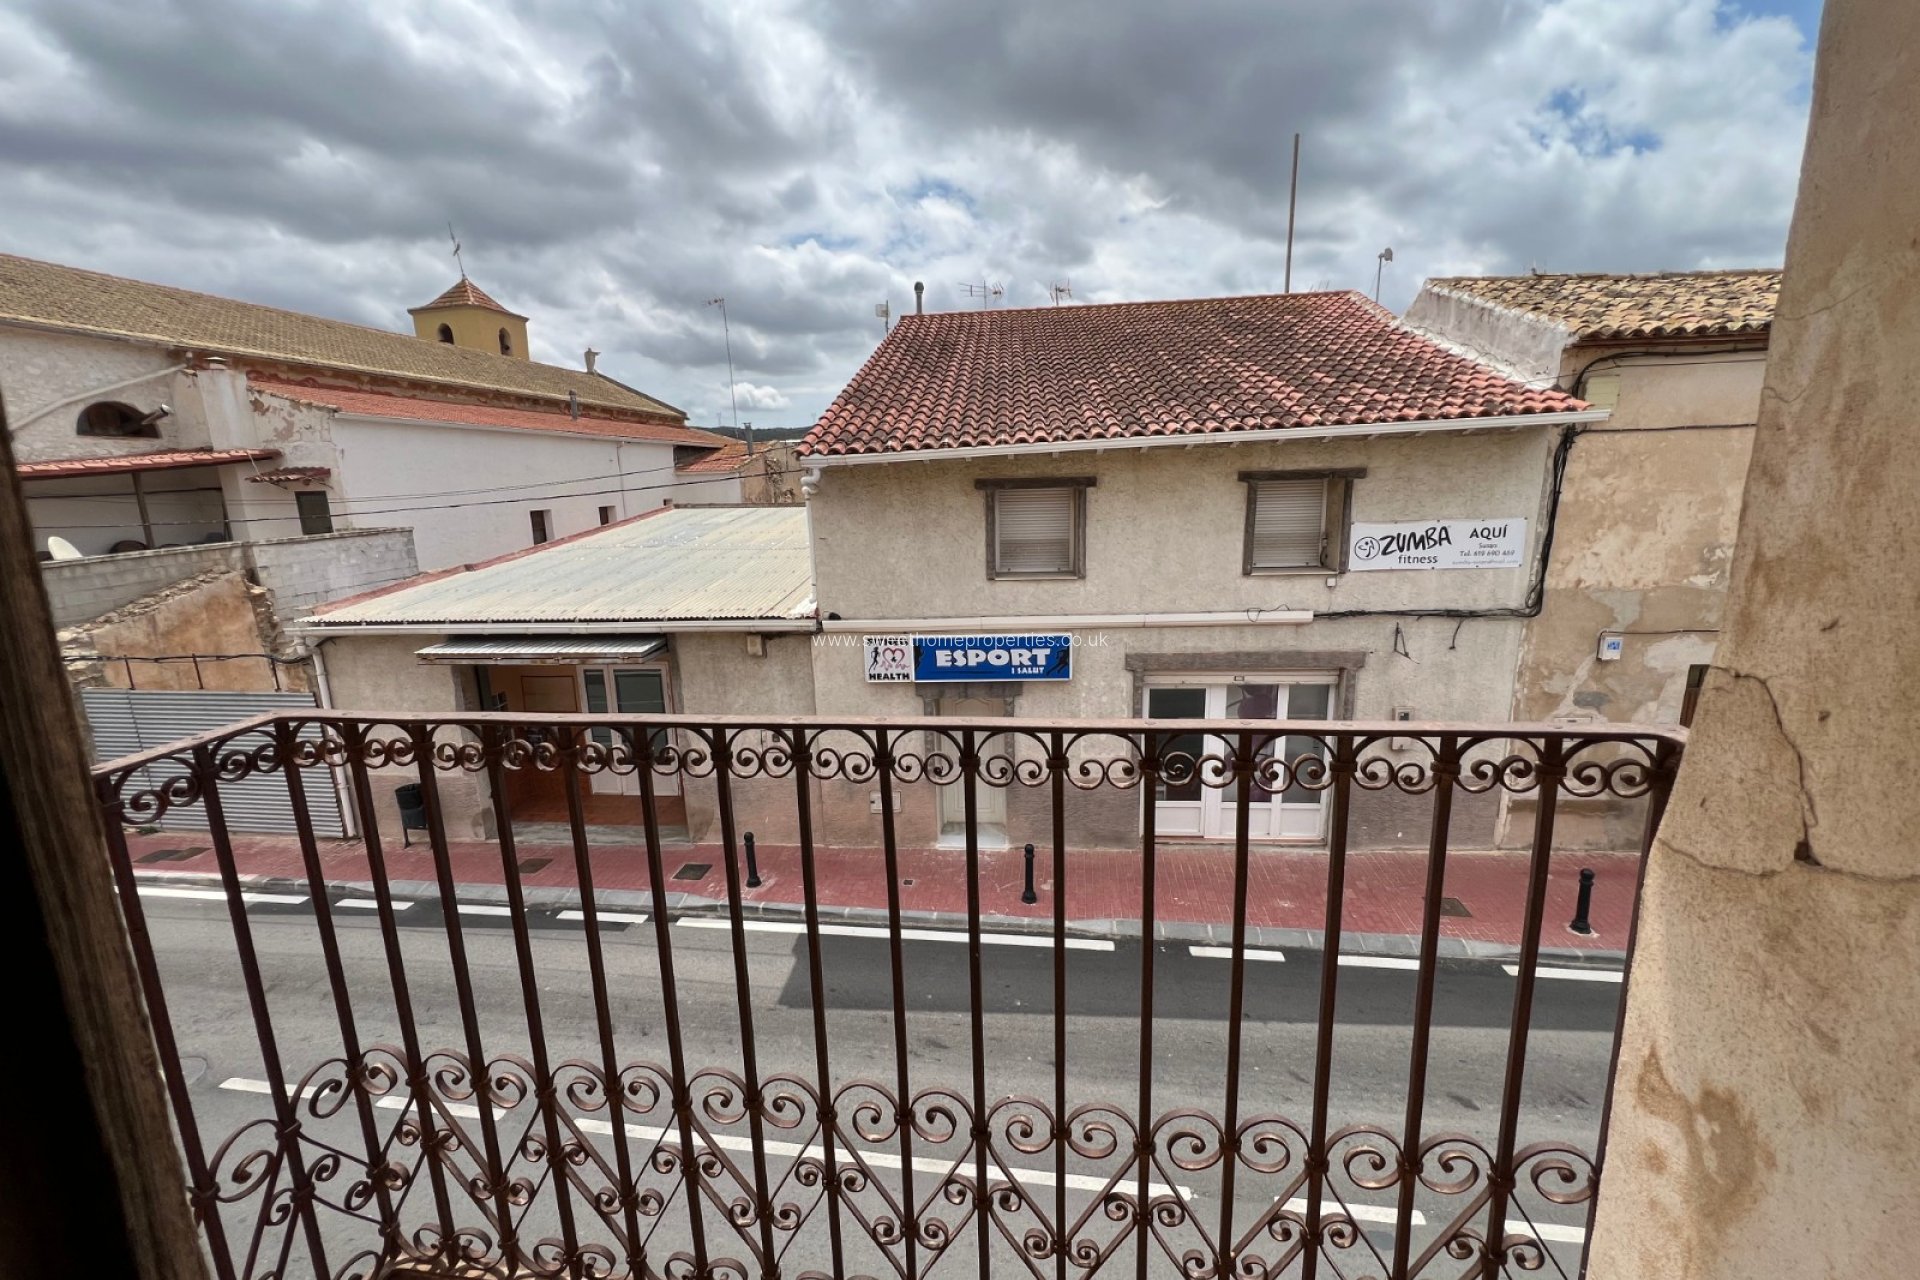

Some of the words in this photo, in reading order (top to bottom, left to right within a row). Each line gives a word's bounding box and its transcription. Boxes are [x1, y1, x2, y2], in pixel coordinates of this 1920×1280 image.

[1469, 523, 1508, 540] AQUÍ
[1379, 526, 1452, 556] ZUMBA
[1398, 554, 1438, 564] fitness
[936, 648, 1050, 667] ESPORT
[869, 673, 910, 681] HEALTH
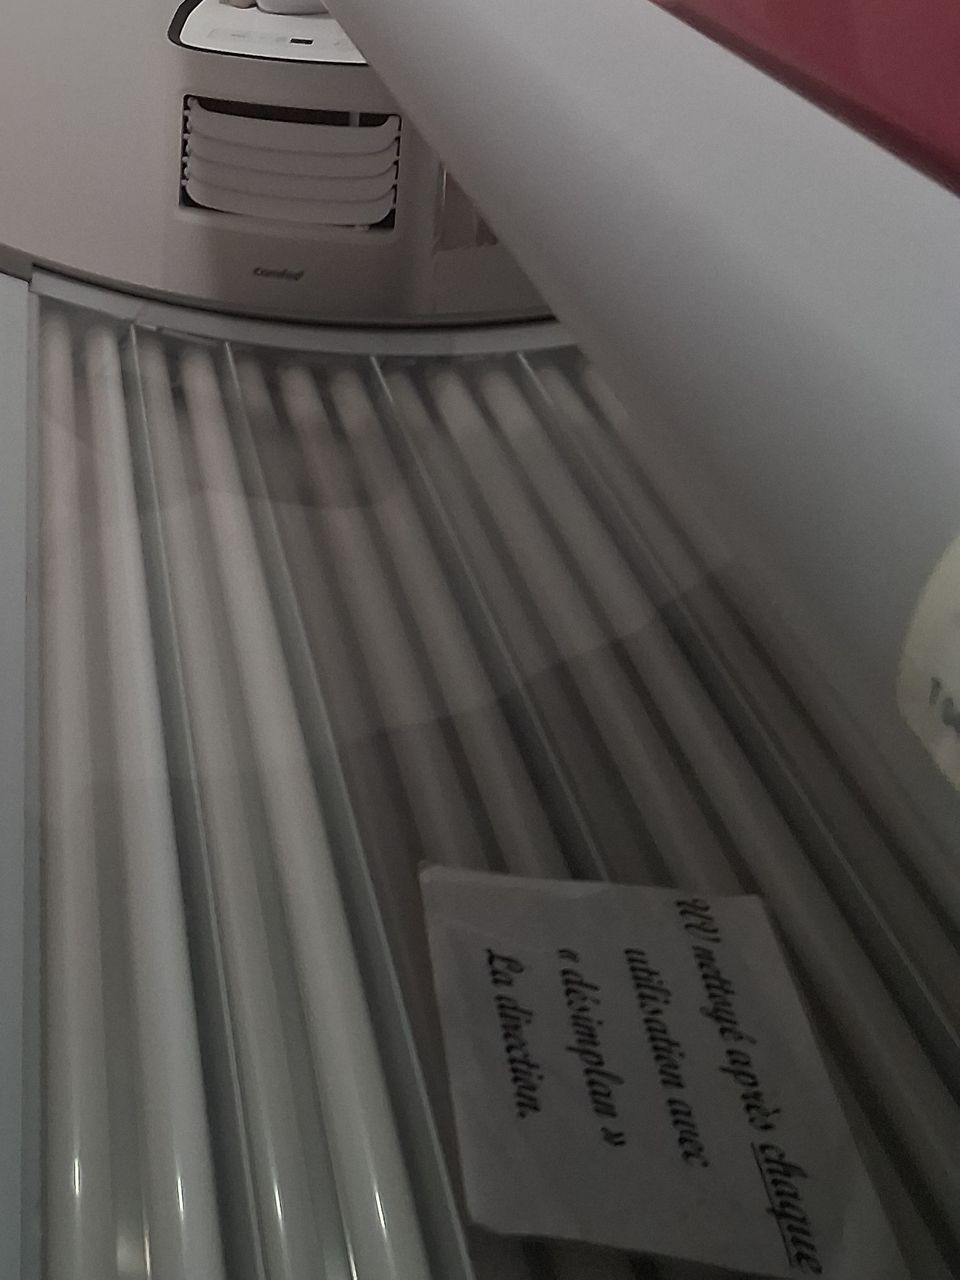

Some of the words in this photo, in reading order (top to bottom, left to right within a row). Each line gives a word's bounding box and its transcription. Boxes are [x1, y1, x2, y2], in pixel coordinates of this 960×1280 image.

[484, 947, 527, 987] La
[624, 947, 686, 1090] utilisation
[666, 1097, 710, 1169] avec
[722, 1049, 780, 1132] après
[752, 1142, 823, 1276] chaque
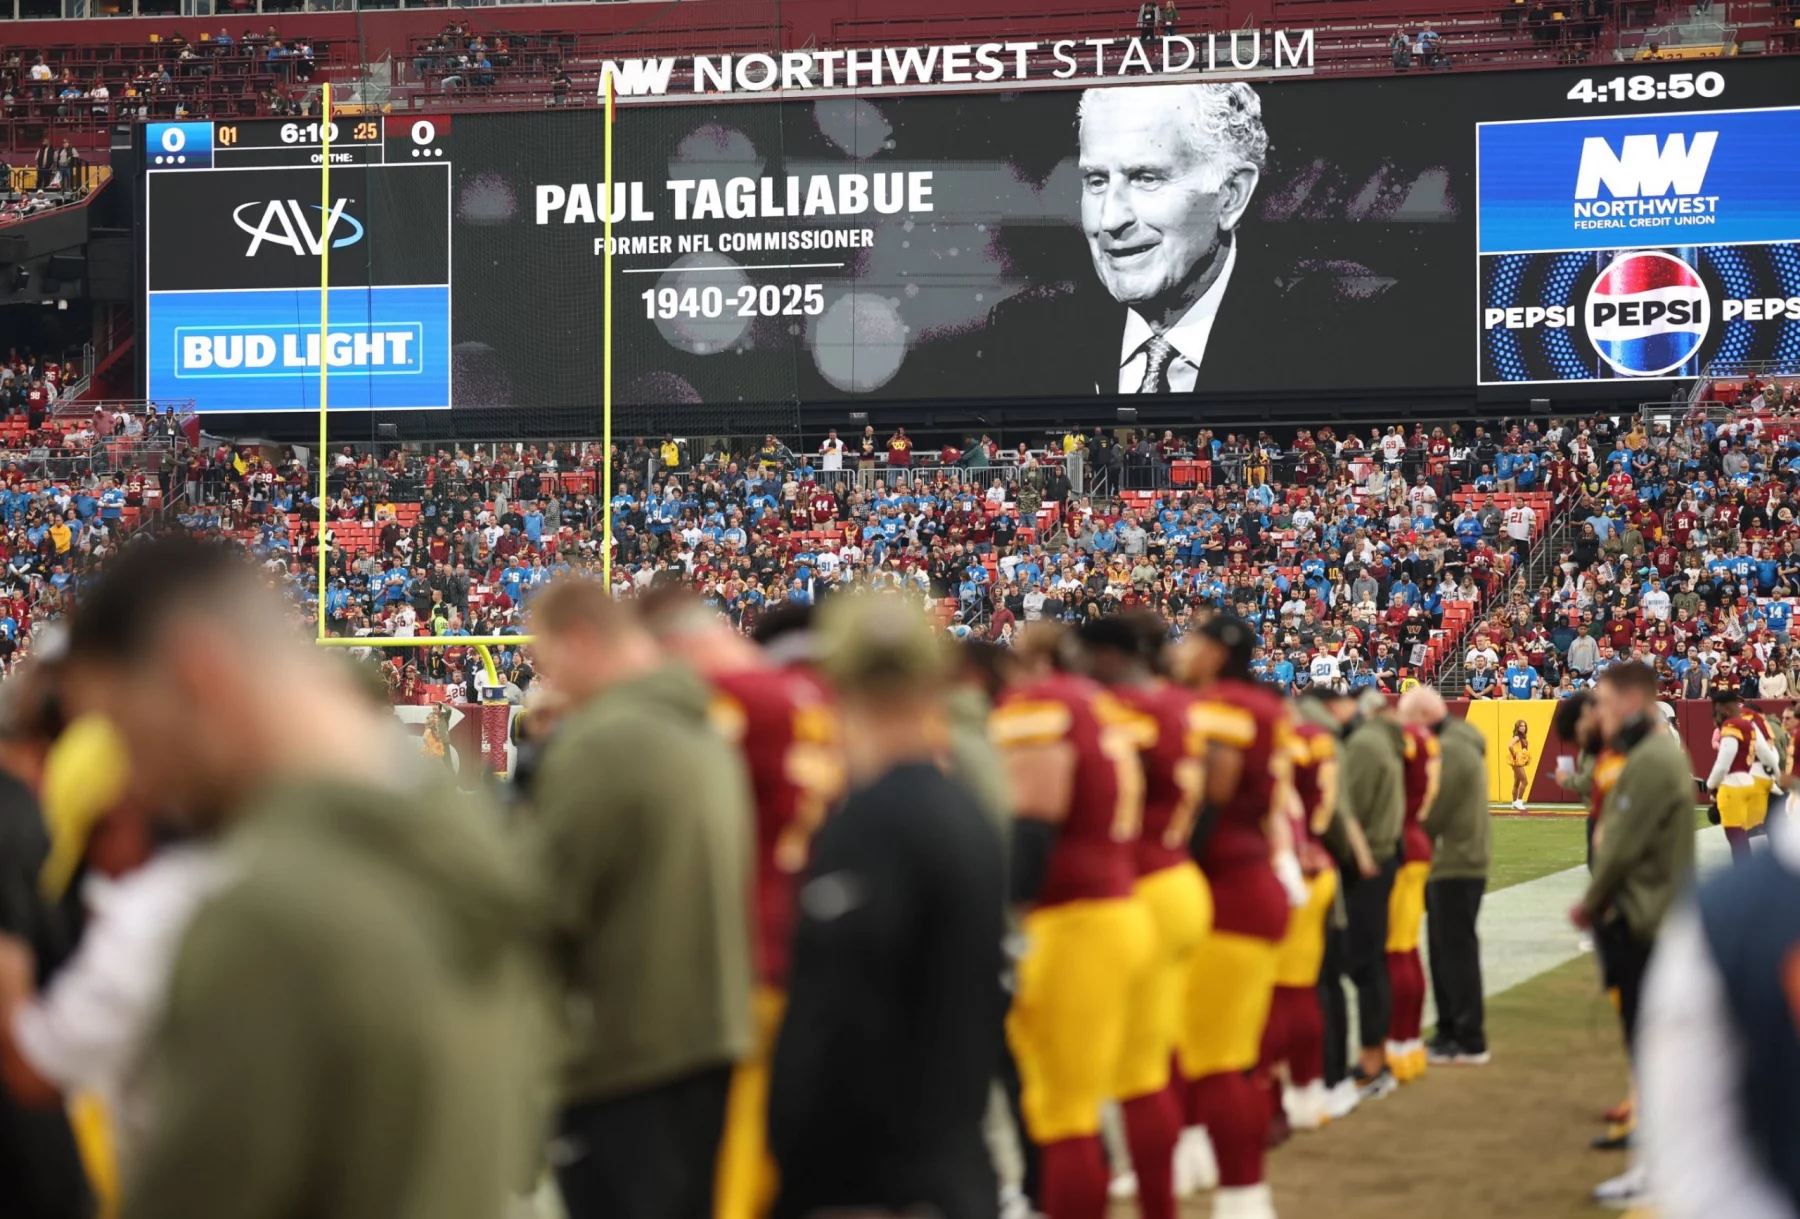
****
* _What to work on_:
Write out the records shown above exactly, but do not include any images.

* _Answer box_:
Some of the words in this photo, in reading order (top to bottom, left to right within a row). Each line gives a word's bounding box and its transcription. Boxes are [x1, y1, x2, y2], in pixel coordinates of this 1920×1280 image.

[1469, 523, 1508, 540] AQUÍ
[1379, 526, 1452, 556] ZUMBA
[1398, 554, 1438, 564] fitness
[936, 648, 1050, 667] ESPORT
[869, 673, 910, 681] HEALTH

Some of the words in this photo, in reading order (top to bottom, left to right within a row). Each line gives a word's bounding box and its transcription. Boxes are [x1, y1, x2, y2], in pixel coordinates of this 960×1280 image.

[484, 947, 527, 987] La
[624, 947, 686, 1090] utilisation
[666, 1097, 710, 1169] avec
[722, 1049, 780, 1132] après
[752, 1142, 823, 1276] chaque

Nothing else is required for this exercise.